[Records drawn from a dataset]
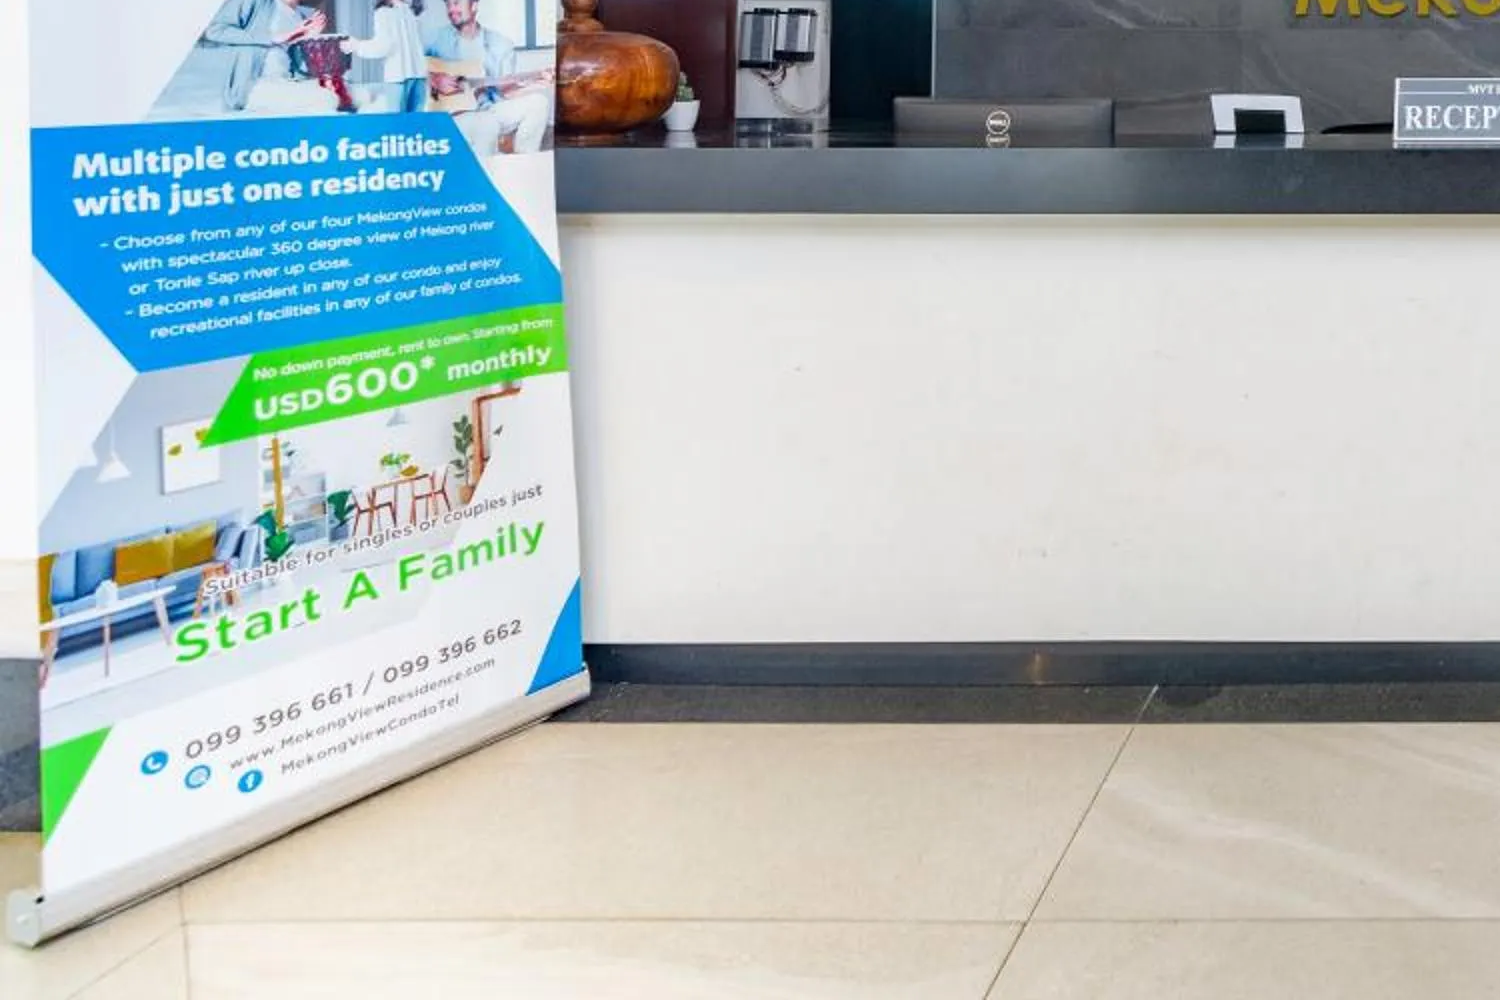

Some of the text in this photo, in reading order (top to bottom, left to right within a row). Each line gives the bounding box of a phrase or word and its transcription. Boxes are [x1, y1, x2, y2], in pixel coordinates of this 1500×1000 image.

[72, 133, 450, 180] Multiple condo facilities
[73, 168, 445, 217] with just one residency
[113, 231, 185, 250] Choose
[191, 228, 231, 242] from
[236, 224, 264, 238] any
[270, 219, 287, 234] of
[291, 218, 317, 232] our
[322, 214, 353, 229] four
[358, 204, 441, 224] MekongView
[445, 202, 487, 216] condos
[121, 219, 496, 273] with spectacular 360 degree view of Mekong river
[128, 257, 352, 296] or Tonle Sap river up close.
[139, 296, 213, 317] Become
[218, 295, 229, 306] a
[234, 283, 298, 304] resident
[303, 281, 317, 294] in
[321, 277, 349, 292] any
[354, 273, 370, 287] of
[374, 270, 398, 284] our
[401, 265, 441, 281] condo
[444, 259, 467, 274] and
[469, 256, 502, 273] enjoy
[150, 312, 253, 339] recreational
[257, 302, 320, 321] facilities
[325, 298, 339, 312] in
[343, 295, 370, 310] any
[375, 291, 392, 305] of
[394, 288, 418, 301] our
[420, 281, 456, 298] family
[460, 278, 474, 291] of
[253, 366, 278, 382] No
[280, 359, 324, 376] down
[399, 340, 425, 354] rent
[427, 336, 441, 348] to
[472, 322, 520, 339] Starting
[521, 318, 553, 331] from
[447, 344, 552, 381] monthly
[202, 484, 544, 597] Suitable for singles or couples just
[175, 521, 545, 664] Start A Family
[185, 724, 242, 759] 099
[253, 705, 302, 736] 396
[311, 682, 354, 712] 661
[383, 655, 430, 684] 099
[438, 635, 477, 665] 396
[483, 618, 522, 647] 662
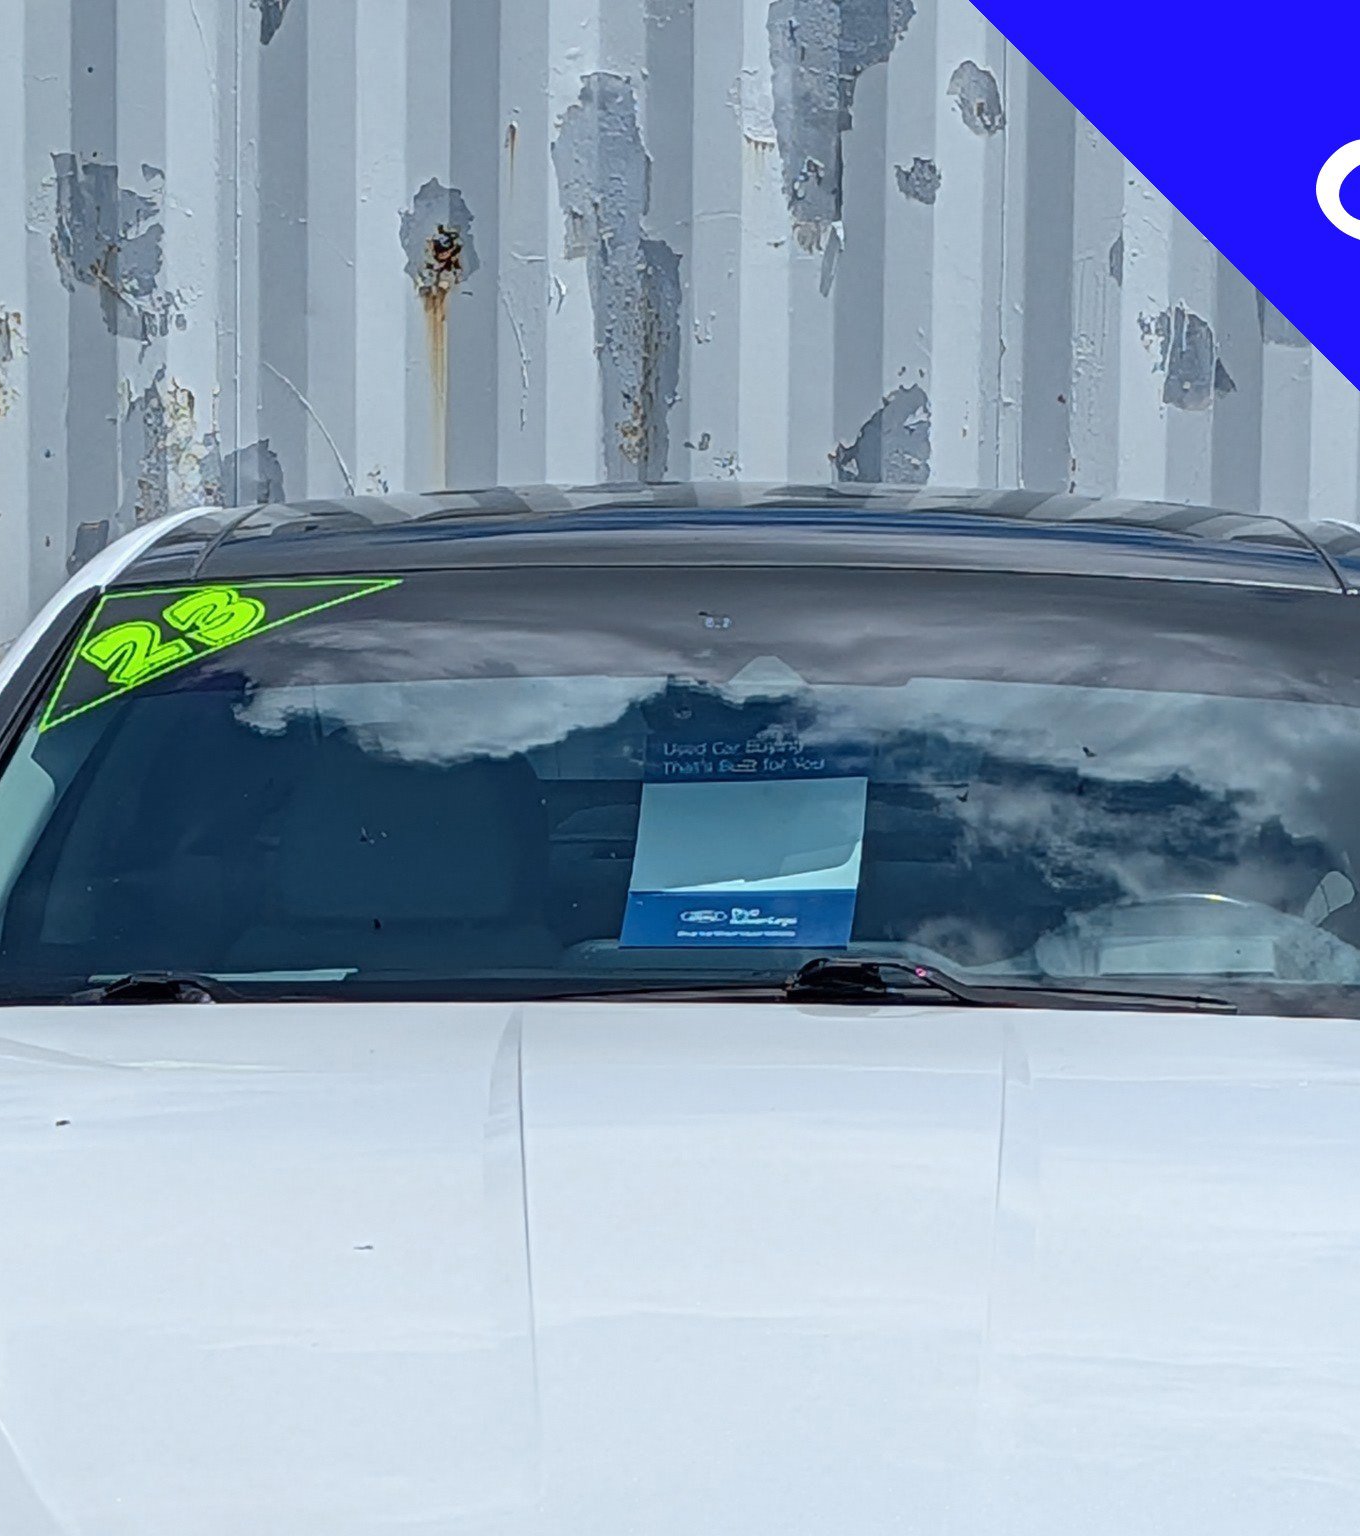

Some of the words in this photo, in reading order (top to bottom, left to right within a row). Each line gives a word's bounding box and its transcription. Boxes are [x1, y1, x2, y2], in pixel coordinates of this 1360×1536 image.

[80, 586, 266, 685] 23
[663, 742, 707, 755] Used
[712, 741, 740, 755] Car
[763, 758, 787, 770] for
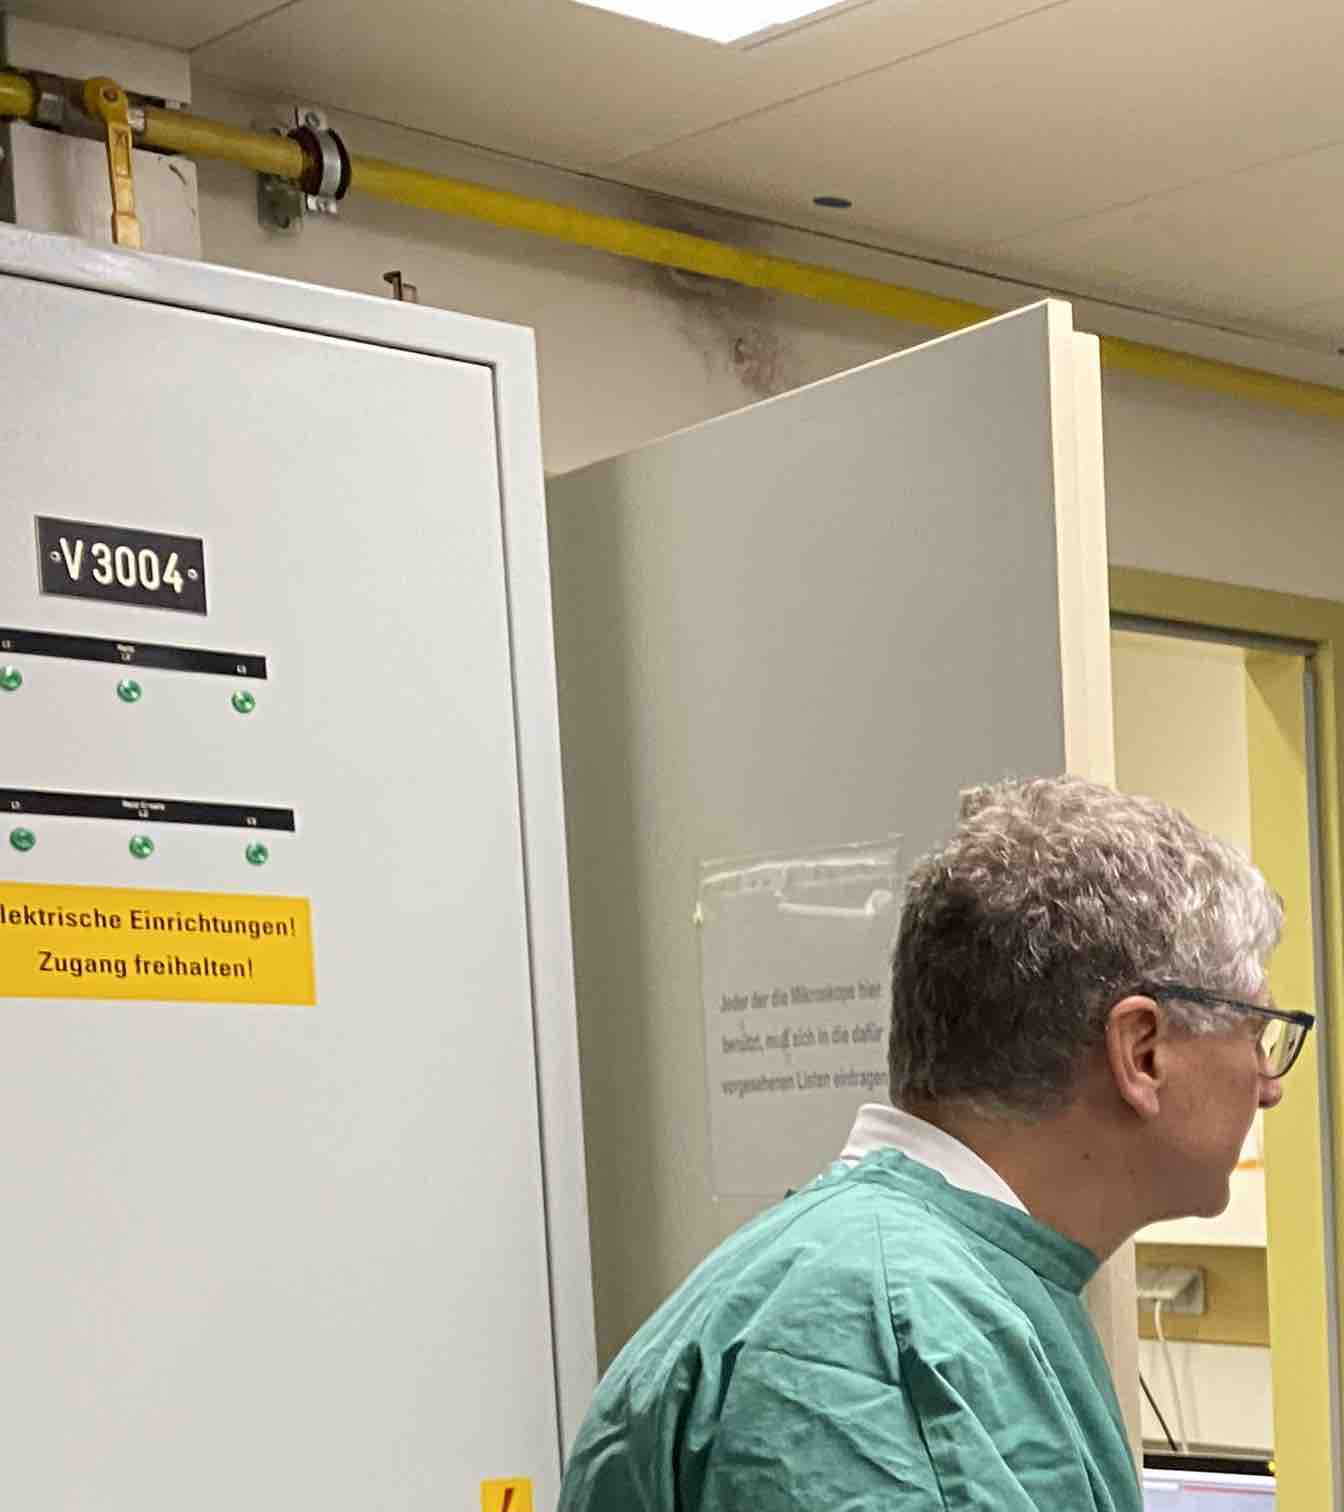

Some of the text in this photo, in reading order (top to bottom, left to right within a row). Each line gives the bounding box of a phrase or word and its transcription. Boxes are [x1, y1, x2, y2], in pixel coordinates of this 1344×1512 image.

[0, 905, 297, 939] lektrische Einrichtungen!
[38, 950, 254, 978] Zugang freihalten!
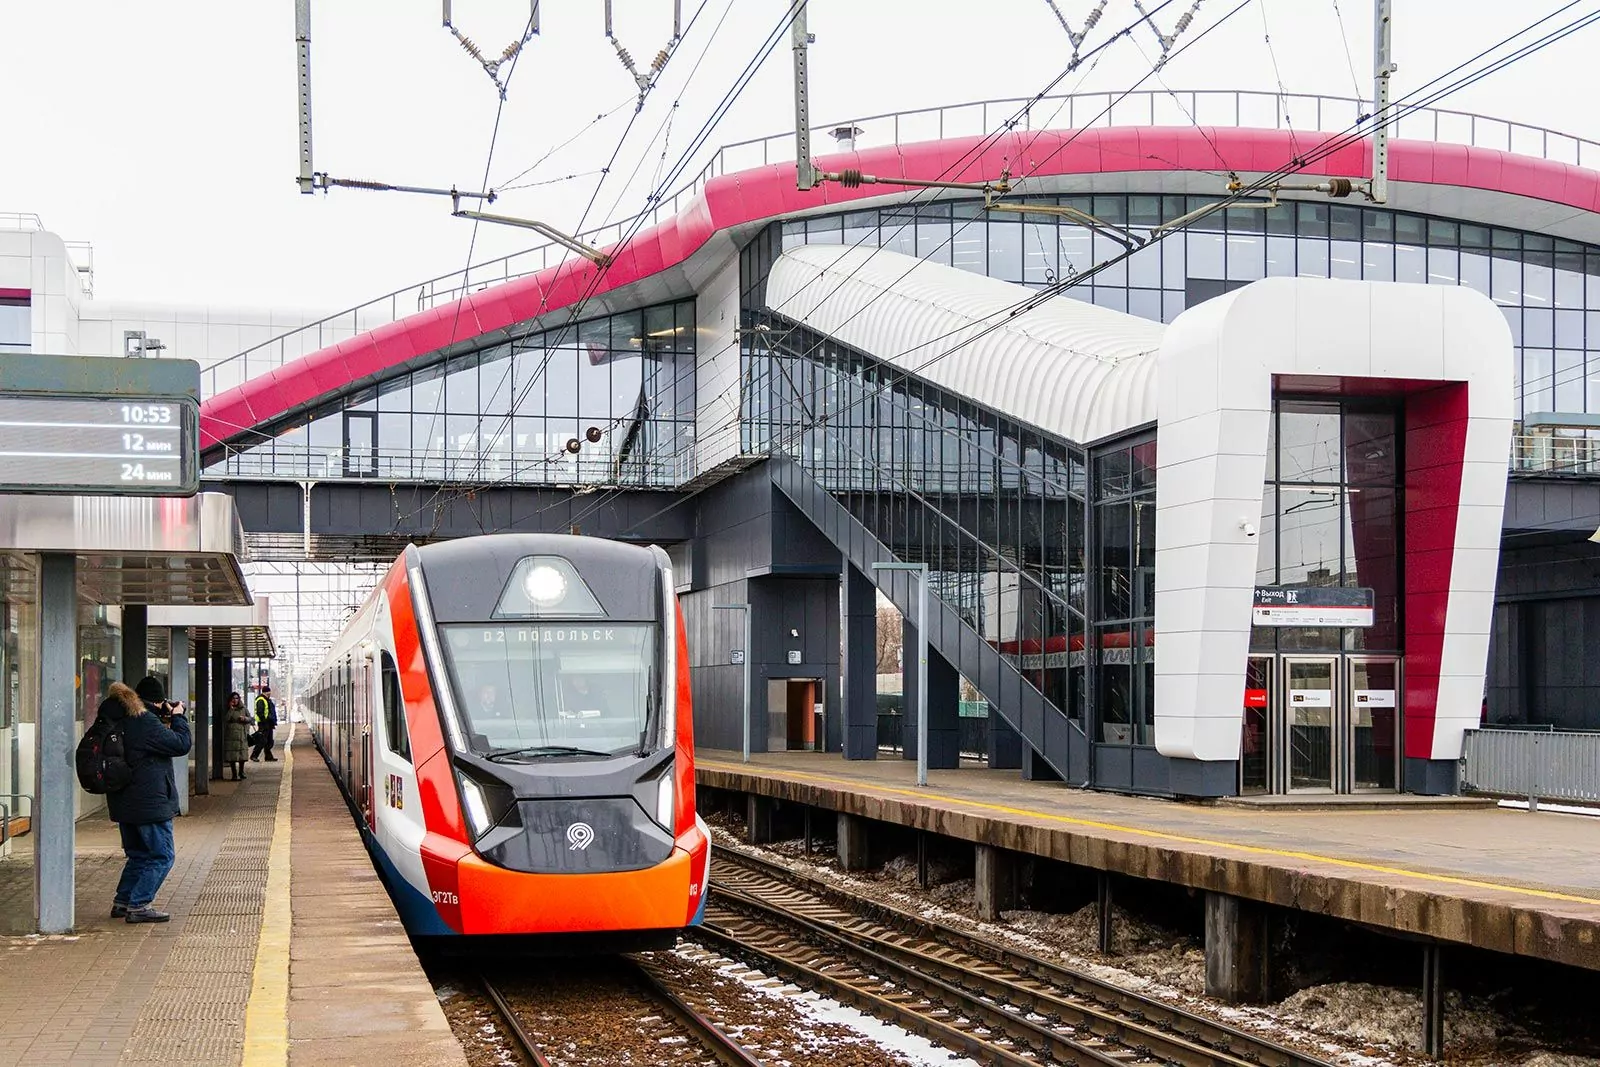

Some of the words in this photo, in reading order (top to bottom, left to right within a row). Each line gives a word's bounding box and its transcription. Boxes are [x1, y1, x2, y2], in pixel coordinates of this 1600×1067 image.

** Action item **
Only the text of the records belongs in your answer, copied exactly as it appears above.

** Exercise result **
Some of the text in this photo, in reading order (top to bottom, left to right within a row). Each line gives the bounding box of a phrase or word and its transcription. Boxes are [x1, y1, x2, y2], in pixel coordinates of this 1500×1000 image.

[72, 133, 450, 180] Multiple condo facilities
[73, 168, 445, 217] with just one residency
[113, 231, 185, 250] Choose
[191, 228, 231, 242] from
[236, 224, 264, 238] any
[270, 219, 287, 234] of
[291, 218, 317, 232] our
[322, 214, 353, 229] four
[358, 204, 441, 224] MekongView
[445, 202, 487, 216] condos
[121, 219, 496, 273] with spectacular 360 degree view of Mekong river
[128, 257, 352, 296] or Tonle Sap river up close.
[139, 296, 213, 317] Become
[218, 295, 229, 306] a
[234, 283, 298, 304] resident
[303, 281, 317, 294] in
[321, 277, 349, 292] any
[354, 273, 370, 287] of
[374, 270, 398, 284] our
[401, 265, 441, 281] condo
[444, 259, 467, 274] and
[469, 256, 502, 273] enjoy
[150, 312, 253, 339] recreational
[257, 302, 320, 321] facilities
[325, 298, 339, 312] in
[343, 295, 370, 310] any
[375, 291, 392, 305] of
[394, 288, 418, 301] our
[420, 281, 456, 298] family
[460, 278, 474, 291] of
[253, 366, 278, 382] No
[280, 359, 324, 376] down
[399, 340, 425, 354] rent
[427, 336, 441, 348] to
[472, 322, 520, 339] Starting
[521, 318, 553, 331] from
[447, 344, 552, 381] monthly
[202, 484, 544, 597] Suitable for singles or couples just
[175, 521, 545, 664] Start A Family
[185, 724, 242, 759] 099
[253, 705, 302, 736] 396
[311, 682, 354, 712] 661
[383, 655, 430, 684] 099
[438, 635, 477, 665] 396
[483, 618, 522, 647] 662

Some of the words in this photo, in reading order (top to bottom, left to right within a row). Each line gives a word's bounding box and its transcription. Boxes are [x1, y1, x2, y2], in pixel coordinates of this 1360×1536 image.

[80, 586, 266, 685] 23
[663, 742, 707, 755] Used
[712, 741, 740, 755] Car
[763, 758, 787, 770] for

Some of the text in this photo, in reading order (top to bottom, left to right within a row). Each line gives the bounding box of a phrase or word and its transcription. Boxes are [x1, y1, x2, y2], in pixel coordinates of this 1344×1512 image.

[0, 905, 297, 939] lektrische Einrichtungen!
[38, 950, 254, 978] Zugang freihalten!

Some of the words in this photo, in reading order (top to bottom, left to right within a row). Each line gives a word's bounding box and its transcription. Boxes are [x1, y1, x2, y2], in pixel coordinates of this 1600×1067 image.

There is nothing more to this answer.